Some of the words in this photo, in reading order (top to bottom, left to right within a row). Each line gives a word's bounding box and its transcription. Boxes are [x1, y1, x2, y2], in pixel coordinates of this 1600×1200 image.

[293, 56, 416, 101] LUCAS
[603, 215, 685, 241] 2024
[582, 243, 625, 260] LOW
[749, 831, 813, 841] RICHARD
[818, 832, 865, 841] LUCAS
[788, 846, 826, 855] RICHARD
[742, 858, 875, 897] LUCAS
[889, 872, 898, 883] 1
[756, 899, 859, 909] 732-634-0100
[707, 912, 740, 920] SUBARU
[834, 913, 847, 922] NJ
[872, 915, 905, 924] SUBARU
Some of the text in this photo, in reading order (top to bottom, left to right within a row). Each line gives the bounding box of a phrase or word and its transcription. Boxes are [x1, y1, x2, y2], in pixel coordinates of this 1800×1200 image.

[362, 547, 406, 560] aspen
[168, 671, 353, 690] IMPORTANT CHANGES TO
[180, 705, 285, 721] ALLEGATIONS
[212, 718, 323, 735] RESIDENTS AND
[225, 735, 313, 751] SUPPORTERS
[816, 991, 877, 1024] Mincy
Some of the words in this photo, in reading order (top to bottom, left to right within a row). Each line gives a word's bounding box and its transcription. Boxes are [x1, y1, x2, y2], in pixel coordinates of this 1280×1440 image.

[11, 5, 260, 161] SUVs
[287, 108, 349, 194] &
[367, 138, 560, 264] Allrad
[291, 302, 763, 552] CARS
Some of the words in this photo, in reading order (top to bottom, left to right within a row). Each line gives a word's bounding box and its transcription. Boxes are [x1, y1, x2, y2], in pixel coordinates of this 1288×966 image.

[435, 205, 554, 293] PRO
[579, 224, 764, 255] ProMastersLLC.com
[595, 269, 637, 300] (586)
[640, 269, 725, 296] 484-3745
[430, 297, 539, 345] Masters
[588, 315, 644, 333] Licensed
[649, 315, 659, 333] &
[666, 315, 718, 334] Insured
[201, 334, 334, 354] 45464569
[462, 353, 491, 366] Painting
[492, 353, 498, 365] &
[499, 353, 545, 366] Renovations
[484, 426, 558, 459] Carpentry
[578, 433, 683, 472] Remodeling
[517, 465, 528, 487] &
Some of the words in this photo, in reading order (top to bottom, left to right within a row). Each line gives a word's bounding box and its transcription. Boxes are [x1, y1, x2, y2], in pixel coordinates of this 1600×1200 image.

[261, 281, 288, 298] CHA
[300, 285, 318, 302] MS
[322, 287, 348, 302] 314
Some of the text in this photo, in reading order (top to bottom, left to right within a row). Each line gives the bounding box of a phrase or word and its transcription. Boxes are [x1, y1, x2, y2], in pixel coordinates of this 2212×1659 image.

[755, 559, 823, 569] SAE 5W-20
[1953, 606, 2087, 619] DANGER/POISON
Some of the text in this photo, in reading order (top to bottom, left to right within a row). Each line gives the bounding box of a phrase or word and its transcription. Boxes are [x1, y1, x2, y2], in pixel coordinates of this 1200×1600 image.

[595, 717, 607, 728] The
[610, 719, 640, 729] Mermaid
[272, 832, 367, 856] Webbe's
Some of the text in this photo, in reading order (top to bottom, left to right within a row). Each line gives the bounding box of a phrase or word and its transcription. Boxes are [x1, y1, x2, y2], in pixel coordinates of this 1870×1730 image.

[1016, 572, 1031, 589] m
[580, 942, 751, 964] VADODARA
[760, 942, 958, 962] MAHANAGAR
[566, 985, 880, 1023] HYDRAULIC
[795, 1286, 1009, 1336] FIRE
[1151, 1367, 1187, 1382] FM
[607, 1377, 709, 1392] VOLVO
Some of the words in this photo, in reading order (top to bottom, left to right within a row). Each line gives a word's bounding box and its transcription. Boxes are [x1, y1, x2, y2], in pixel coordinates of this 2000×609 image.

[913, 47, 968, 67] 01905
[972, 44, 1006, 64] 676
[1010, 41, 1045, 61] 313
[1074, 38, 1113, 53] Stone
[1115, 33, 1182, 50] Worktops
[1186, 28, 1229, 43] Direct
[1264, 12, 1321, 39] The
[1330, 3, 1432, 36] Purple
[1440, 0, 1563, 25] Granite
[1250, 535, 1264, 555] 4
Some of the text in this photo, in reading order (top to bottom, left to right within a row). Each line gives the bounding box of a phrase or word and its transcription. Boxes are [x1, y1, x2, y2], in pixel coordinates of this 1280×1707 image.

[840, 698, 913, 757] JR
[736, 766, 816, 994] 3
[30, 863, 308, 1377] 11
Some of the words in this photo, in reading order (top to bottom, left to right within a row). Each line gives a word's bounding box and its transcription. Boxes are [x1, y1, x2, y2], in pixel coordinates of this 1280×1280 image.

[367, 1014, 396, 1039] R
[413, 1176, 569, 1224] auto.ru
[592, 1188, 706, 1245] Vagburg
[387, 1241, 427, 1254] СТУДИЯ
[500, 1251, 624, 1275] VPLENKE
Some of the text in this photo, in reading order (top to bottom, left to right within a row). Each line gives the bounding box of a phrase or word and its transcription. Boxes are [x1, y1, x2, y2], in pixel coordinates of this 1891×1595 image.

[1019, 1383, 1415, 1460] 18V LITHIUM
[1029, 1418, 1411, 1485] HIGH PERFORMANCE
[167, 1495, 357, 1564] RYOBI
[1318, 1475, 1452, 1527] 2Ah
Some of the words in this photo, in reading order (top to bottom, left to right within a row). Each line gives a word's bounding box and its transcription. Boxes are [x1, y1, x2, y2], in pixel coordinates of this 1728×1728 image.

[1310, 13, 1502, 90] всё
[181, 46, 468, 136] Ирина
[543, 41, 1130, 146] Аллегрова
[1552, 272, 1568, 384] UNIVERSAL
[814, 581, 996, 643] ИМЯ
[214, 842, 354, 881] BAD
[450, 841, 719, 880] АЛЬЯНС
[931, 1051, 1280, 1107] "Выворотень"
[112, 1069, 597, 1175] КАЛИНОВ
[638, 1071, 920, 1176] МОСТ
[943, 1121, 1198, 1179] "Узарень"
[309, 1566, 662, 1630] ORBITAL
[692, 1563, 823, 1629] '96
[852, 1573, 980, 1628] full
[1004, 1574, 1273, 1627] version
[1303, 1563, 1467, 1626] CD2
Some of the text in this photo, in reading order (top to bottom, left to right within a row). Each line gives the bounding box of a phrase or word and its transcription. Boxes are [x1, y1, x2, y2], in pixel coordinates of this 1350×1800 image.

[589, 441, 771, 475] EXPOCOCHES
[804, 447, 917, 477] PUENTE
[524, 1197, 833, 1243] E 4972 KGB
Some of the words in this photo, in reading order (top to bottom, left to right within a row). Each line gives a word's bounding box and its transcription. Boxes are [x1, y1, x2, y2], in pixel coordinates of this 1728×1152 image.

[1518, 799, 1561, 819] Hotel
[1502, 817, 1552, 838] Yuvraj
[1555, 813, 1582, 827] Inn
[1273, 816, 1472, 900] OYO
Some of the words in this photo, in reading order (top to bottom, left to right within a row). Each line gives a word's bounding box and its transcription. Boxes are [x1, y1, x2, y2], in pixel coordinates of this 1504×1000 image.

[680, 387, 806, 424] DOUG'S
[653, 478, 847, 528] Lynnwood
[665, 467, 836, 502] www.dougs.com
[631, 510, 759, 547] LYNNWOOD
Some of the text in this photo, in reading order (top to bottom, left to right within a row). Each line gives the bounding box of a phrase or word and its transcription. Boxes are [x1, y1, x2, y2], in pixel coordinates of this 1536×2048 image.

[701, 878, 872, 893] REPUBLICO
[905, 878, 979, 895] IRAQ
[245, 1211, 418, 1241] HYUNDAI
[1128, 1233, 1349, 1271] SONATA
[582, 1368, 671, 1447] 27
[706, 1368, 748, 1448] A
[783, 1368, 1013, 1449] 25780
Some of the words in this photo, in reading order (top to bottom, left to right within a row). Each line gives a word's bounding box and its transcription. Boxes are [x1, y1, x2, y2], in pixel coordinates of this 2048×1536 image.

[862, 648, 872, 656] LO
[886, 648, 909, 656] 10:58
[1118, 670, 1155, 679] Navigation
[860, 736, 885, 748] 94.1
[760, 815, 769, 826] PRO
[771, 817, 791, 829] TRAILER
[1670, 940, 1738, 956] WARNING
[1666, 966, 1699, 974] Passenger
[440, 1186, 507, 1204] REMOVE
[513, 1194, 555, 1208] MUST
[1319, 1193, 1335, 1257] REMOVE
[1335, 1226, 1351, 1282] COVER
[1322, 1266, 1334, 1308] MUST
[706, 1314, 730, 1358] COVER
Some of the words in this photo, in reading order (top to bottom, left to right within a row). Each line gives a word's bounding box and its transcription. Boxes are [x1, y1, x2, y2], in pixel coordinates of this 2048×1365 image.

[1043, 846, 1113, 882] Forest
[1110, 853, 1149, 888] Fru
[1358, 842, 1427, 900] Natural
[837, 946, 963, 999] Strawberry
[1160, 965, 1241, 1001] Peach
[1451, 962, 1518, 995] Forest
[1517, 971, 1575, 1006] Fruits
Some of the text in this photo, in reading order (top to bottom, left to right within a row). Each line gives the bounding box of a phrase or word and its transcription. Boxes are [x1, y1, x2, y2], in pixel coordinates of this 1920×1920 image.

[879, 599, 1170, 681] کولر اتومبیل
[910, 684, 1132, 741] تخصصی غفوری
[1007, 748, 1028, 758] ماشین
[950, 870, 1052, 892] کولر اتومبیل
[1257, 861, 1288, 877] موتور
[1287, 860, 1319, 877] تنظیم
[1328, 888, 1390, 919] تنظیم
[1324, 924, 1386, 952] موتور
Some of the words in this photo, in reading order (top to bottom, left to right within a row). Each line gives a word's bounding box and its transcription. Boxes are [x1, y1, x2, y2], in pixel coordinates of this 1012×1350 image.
# # #
→ **EXERCISE GOAL**: Everything from the line containing "this 1920×1920 image." through the final line of the listing, inclusive, must be reproduced exactly; leave out the rest.

→ **SOLUTION TO THE PROBLEM**:
Some of the text in this photo, in reading order (top to bottom, left to right within a row). Each line gives the bounding box of a phrase or word and its transcription. Boxes are [x1, y1, x2, y2], in pixel coordinates of this 1920×1920 image.

[879, 599, 1170, 681] کولر اتومبیل
[910, 684, 1132, 741] تخصصی غفوری
[1007, 748, 1028, 758] ماشین
[950, 870, 1052, 892] کولر اتومبیل
[1257, 861, 1288, 877] موتور
[1287, 860, 1319, 877] تنظیم
[1328, 888, 1390, 919] تنظیم
[1324, 924, 1386, 952] موتور
Some of the words in this photo, in reading order (top to bottom, left to right within a row). Each line gives a word's bounding box and its transcription. Boxes are [x1, y1, x2, y2], in pixel coordinates of this 1012×1350 image.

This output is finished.